# TASK OBJECTIVE:
Transcribe the whole listing below. Pictures do not go in the copy.
◆ ◆ ◆
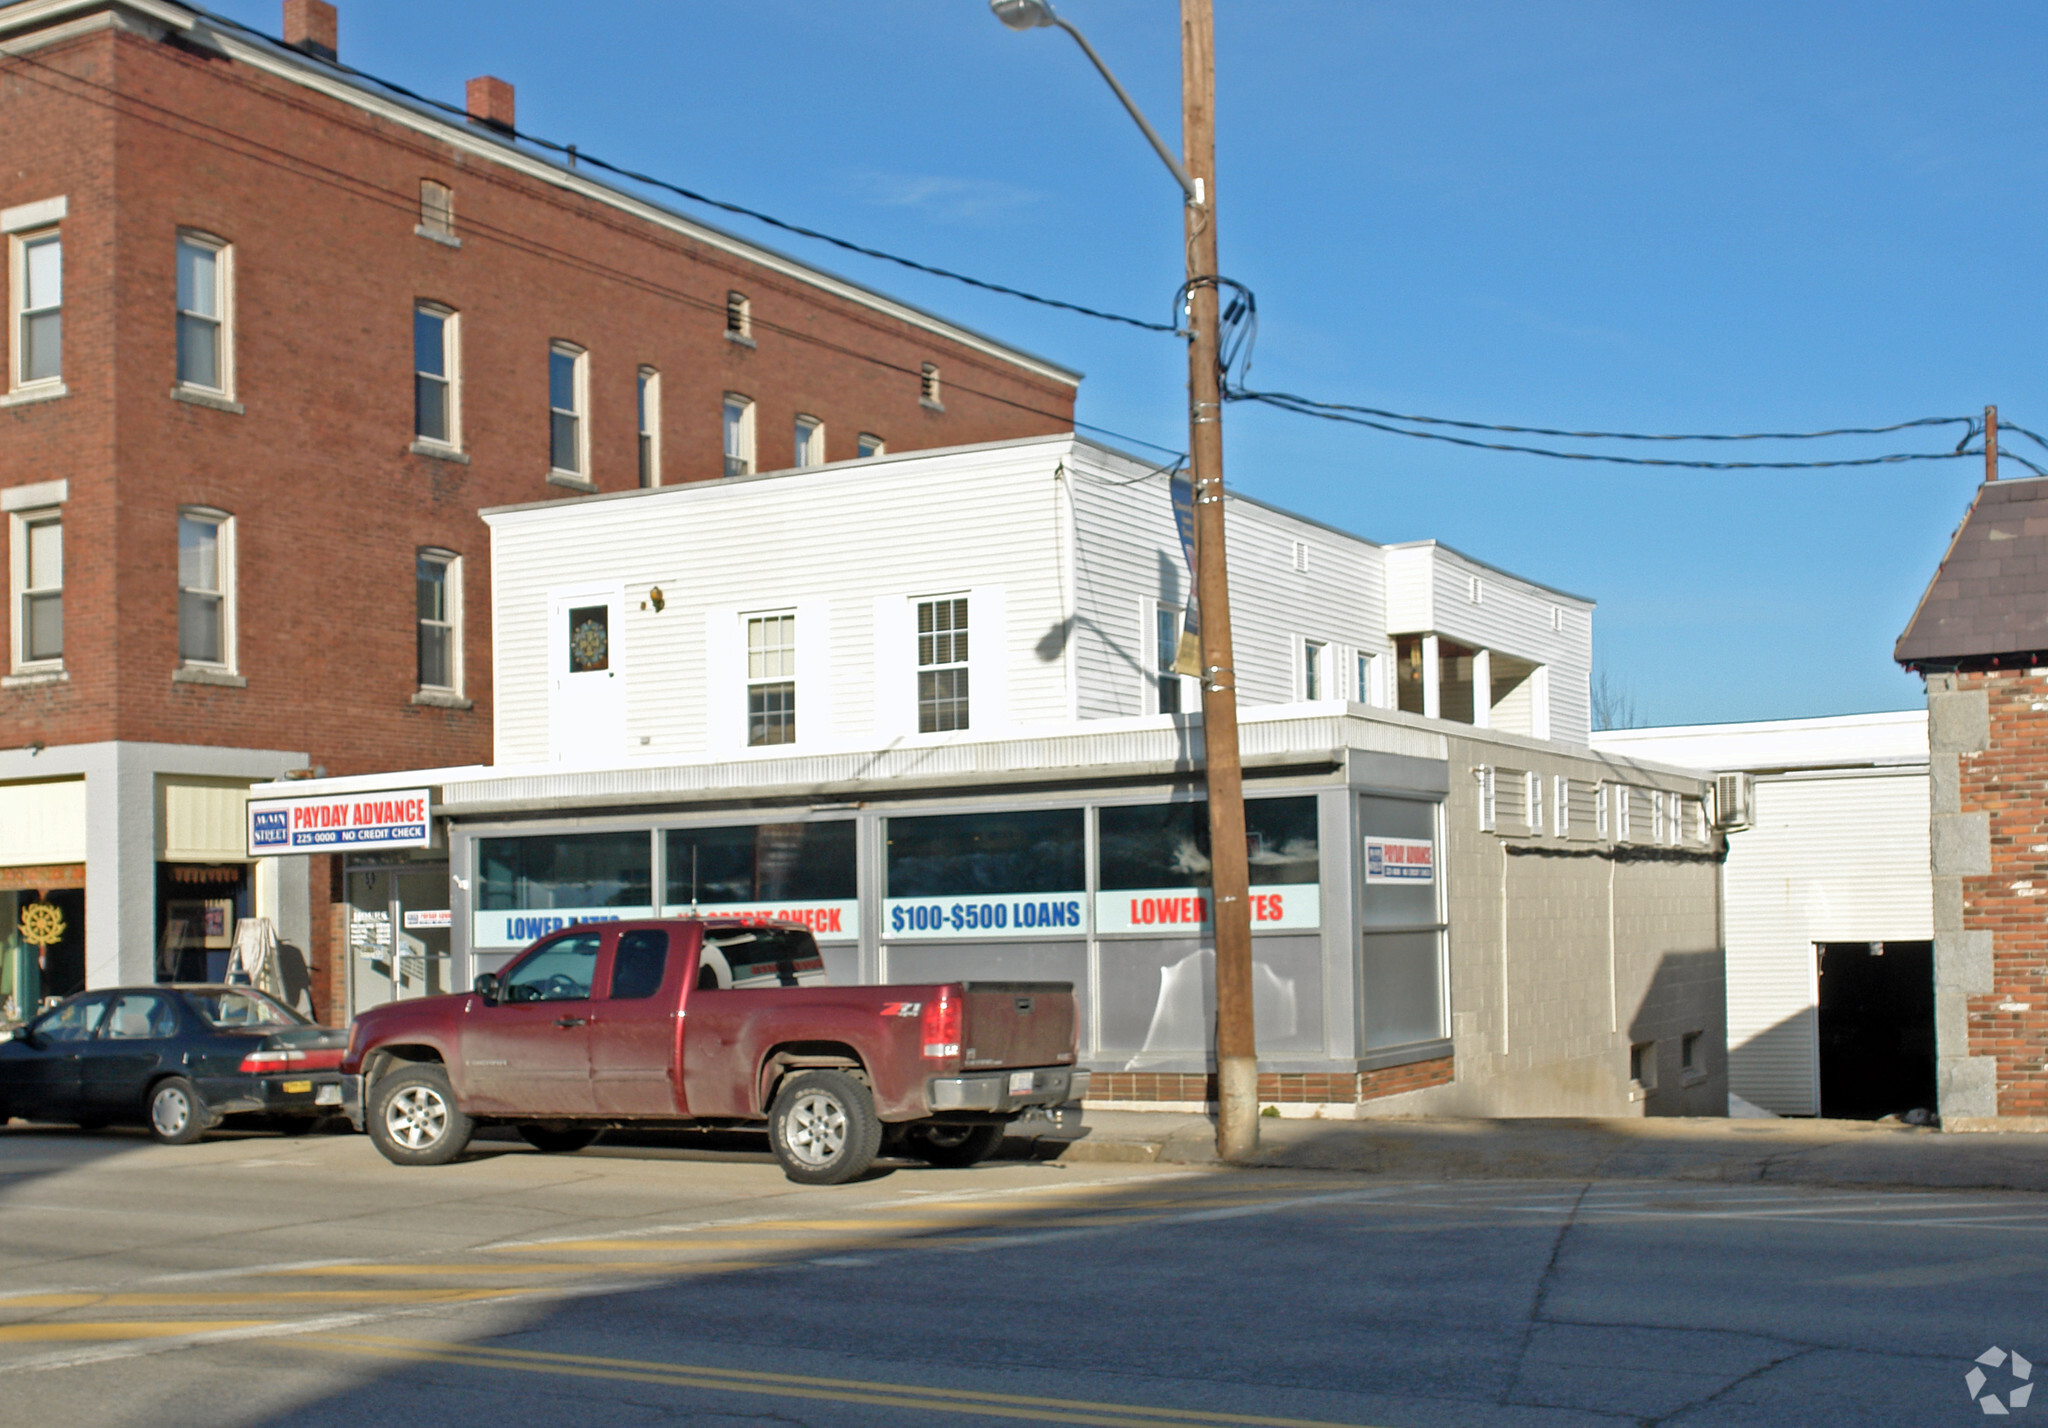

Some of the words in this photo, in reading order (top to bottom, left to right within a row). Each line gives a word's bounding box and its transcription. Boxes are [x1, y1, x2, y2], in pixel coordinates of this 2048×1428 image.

[255, 812, 285, 827] MAIN
[294, 803, 348, 829] PAYDAY
[353, 798, 424, 826] ADVANCE
[255, 828, 286, 843] STREET
[342, 830, 354, 841] NO
[358, 828, 388, 840] CREDIT
[391, 825, 421, 838] CHECK
[891, 902, 1008, 932] $100-$500
[1013, 901, 1080, 927] LOANS
[1131, 897, 1207, 924] LOWER
[1248, 894, 1283, 921] TES
[506, 917, 563, 940] LOWER
[880, 1002, 921, 1015] Z71
◆ ◆ ◆
# EXPECTED ANSWER:
Some of the words in this photo, in reading order (top to bottom, left to right within a row). Each line gives a word's bounding box and its transcription. Boxes are [x1, y1, x2, y2], in pixel coordinates of this 2048×1428 image.

[255, 812, 285, 827] MAIN
[294, 803, 348, 829] PAYDAY
[353, 798, 424, 826] ADVANCE
[255, 828, 286, 843] STREET
[342, 830, 354, 841] NO
[358, 828, 388, 840] CREDIT
[391, 825, 421, 838] CHECK
[891, 902, 1008, 932] $100-$500
[1013, 901, 1080, 927] LOANS
[1131, 897, 1207, 924] LOWER
[1248, 894, 1283, 921] TES
[506, 917, 563, 940] LOWER
[880, 1002, 921, 1015] Z71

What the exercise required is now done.